Bien avant Les
Valseuses,
Calmos,
Préparez vos mouchoirs,
Buffet Froid
ou Tenue de soirée,
le réalisateur, scénariste et écrivain français Bertrand Blier
tournait en 1967 son tout premier long-métrage de fiction. Quatre
ans après avoir mis en scène le documentaire Hitler,
connais pas,
ce jeune homme alors âgé de vingt-huit ans seulement (il en a
quatre-vingt deux aujourd'hui) réalisait un long-métrage qui ne se
situait pas encore dans la veine satirique de ses futures œuvres
même si l'on sentait déjà pointer la verve corrosive de ce
dialoguiste de génie, digne fils spirituel de Michel Audiard. Tourné
en noir et blanc et déjà interprété par son père Bernard Blier
avec lequel il tournera à deux autres occasions en 1976 dans Calmos,
chef-d’œuvre absolu de l'antiféminisme ainsi que trois ans plus
tard en 1979 dans Buffet Froid
qui reste sans doute, le meilleur film de Bertrand Blier. Mais
revenons en 1967. Bernard Blier incarne dans Si
j'étais un espion,
le docteur Lefèvre. Un médecin généraliste comme il en existe des
milliers dans notre pays. Parmi ses patients se trouve un certain
Guérin. Et c'est justement à lui que Lefèvre doit rendre visite ce
jour là. Mais alors que le médecin se trouve devant sa porte, il a
beau sonner mais personne ne vient lui ouvrir. Après avoir croisé
le chemin de Geneviève Laurent (l'actrice Suzanne Flon) qui elle
aussi aimerait savoir où se trouve Guérin, le docteur Lefèvre
tourne les talon et repart à son cabinet pour recevoir bientôt la
visite de Kruger (l'acteur Pierre Le Rumeur), le chef d'une bande qui
tente de lui soutirer des informations concernant Guérin.
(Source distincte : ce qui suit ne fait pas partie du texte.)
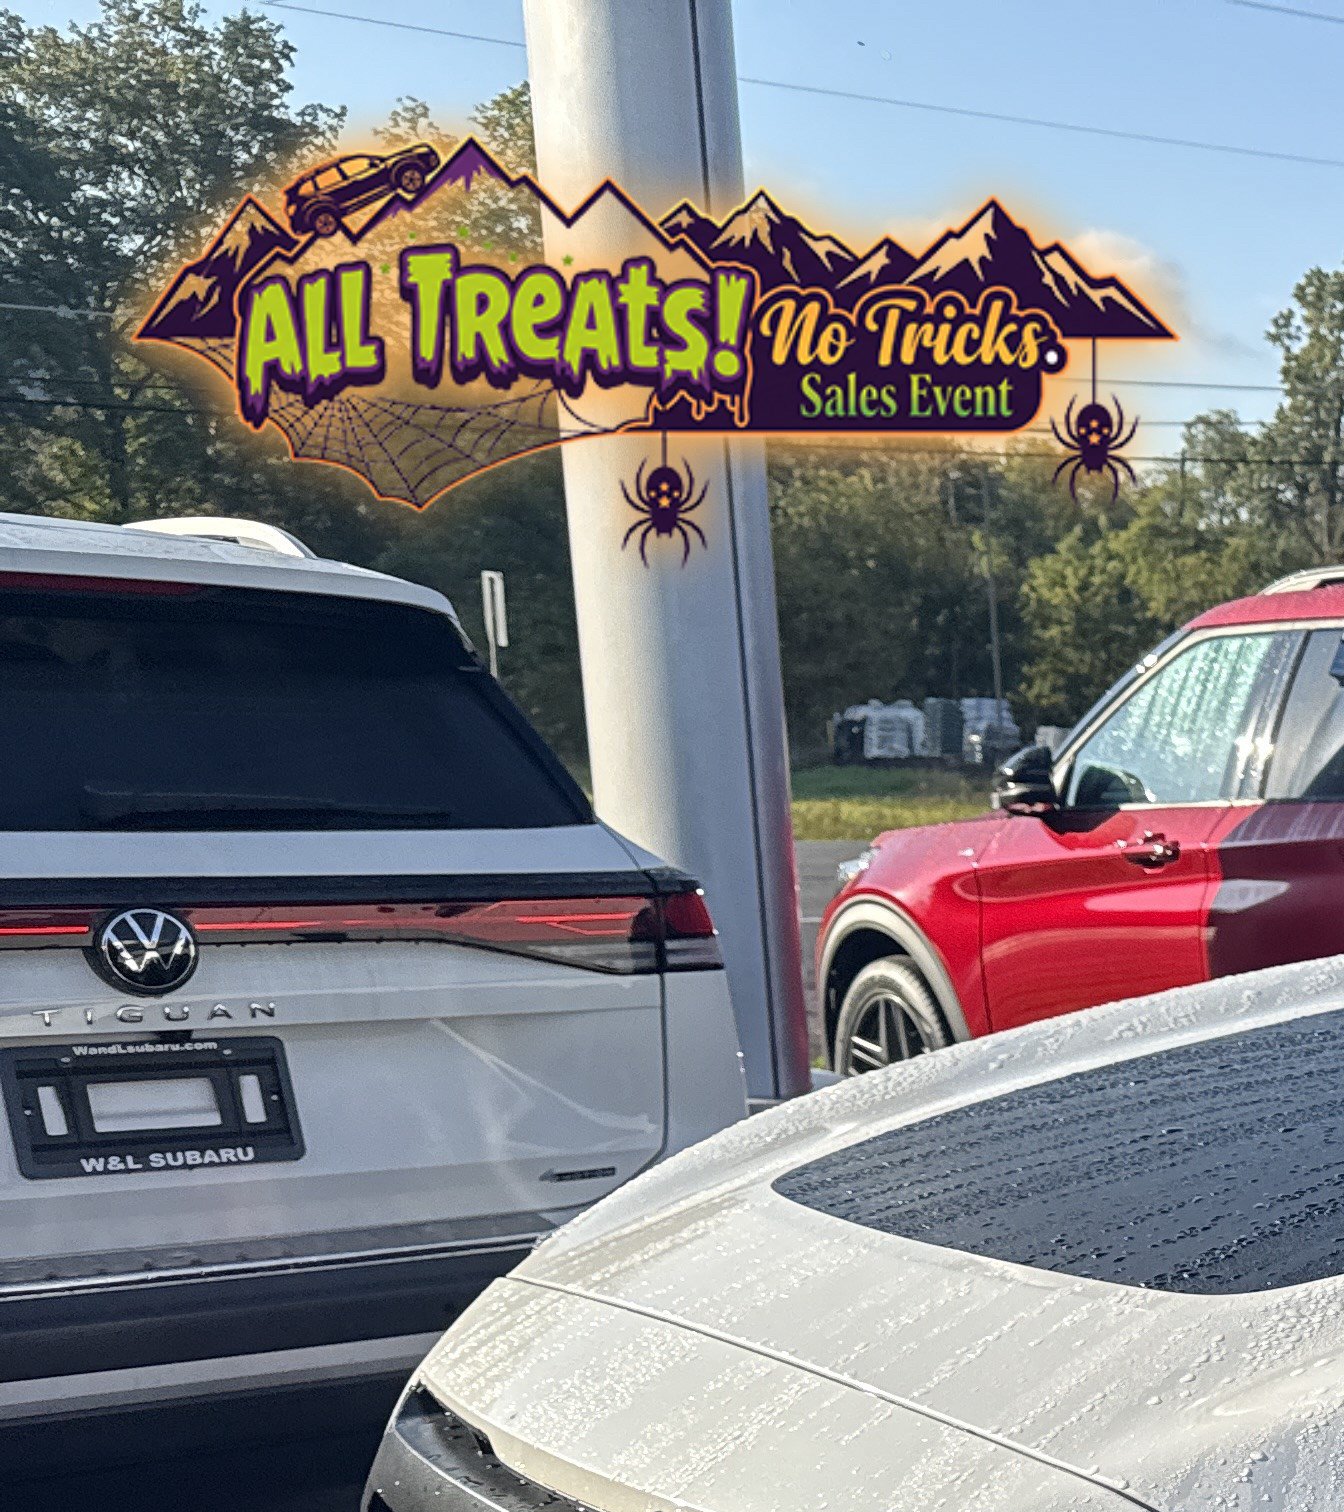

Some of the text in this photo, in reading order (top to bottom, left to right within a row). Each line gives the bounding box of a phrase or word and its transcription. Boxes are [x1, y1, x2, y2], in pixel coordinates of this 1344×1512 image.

[33, 1002, 277, 1027] TIGUAN
[80, 1147, 256, 1173] W&L SUBARU
Mais le
médecin n'étant pas du genre à délivrer des renseignements au
premier venu, et surtout pas lorsqu'il s'agit de l'un de ses
patients, celui-ci refuse. Kruger met alors entre les pattes de
Lefèvre l'un de ses hommes de main, Matras (Bruno Cremer) et le
menace de s'en prendre à sa fille Sylvie (Patricia Scott) s'il ne
fait pas exactement tout ce qu'il lui dit...
L'avantage
avec Bernard Blier, c'est que quel que soit le film dans lequel il
apparaît l'on est sûr de passer un agréable moment. Le genre
d'acteur qui vous transforme un bousin sinon en lingot d'or, du moins
en un produit beaucoup moins malodorant. Ce qui n'est heureusement
pas le cas ici puisque pour un premier long-métrage,
Si j'étais un espion
révèle déjà un talent certain pour la mise en scène chez
Bertrand Blier que l'on compare alors plus ou moins justement au
célèbre Alfred Hitchcock. Mais à dire vrai, une grosse dizaine
d'années plus tard, les critiques auraient surtout pu comparer ce
premier long-métrage avec non pas l’œuvre du cinéaste
britannique naturalisé américain, mais avec un film. Signé de
Jacques Deray et sorti dans les salles françaises le 3 mai 1978. Car
en effet, rien ne semble vouloir diriger son personnage principal
dans une même impasse que celui de Roland Fériaux qu'interprétera
alors Lino Ventura dans Un
papillon sur l'épaule.
Le docteur Lefèvre qu'incarne admirablement le père du réalisateur
se retrouve dans une situation pas tout à fait ubuesque, mais
presque. Disons, kafkaïenne. Surtout que Bertrand Blier cultive le
mystère autour de ces individus passablement noctambules. Le docteur
Lefèvre n'échappe d'ailleurs pas lui non plus à cette approche
trouble de son personnage. Majoritairement tourné de nuit, l'aspect
''obscurantiste'' du scénario et cette volonté étroite de n'en
point révéler davantage que nécessaire sème un certain désordre
et pourra faire naître dans l'esprit du spectateur un sentiment
d'angoisse.
Comme
le voyage d'un individu en terrain méconnu, site privilégié pour
une certaine forme d'appréhension. Car oui, Si
j'étais un espion
est traversé par une vague de suspicion qui mène directement à la
paranoïa. Aidé non seulement par la présence
à l'image de son père mais également par celles de Bruno Cremer
qui incarne un ''gardien'' inquiétant bien qu'étant parfois...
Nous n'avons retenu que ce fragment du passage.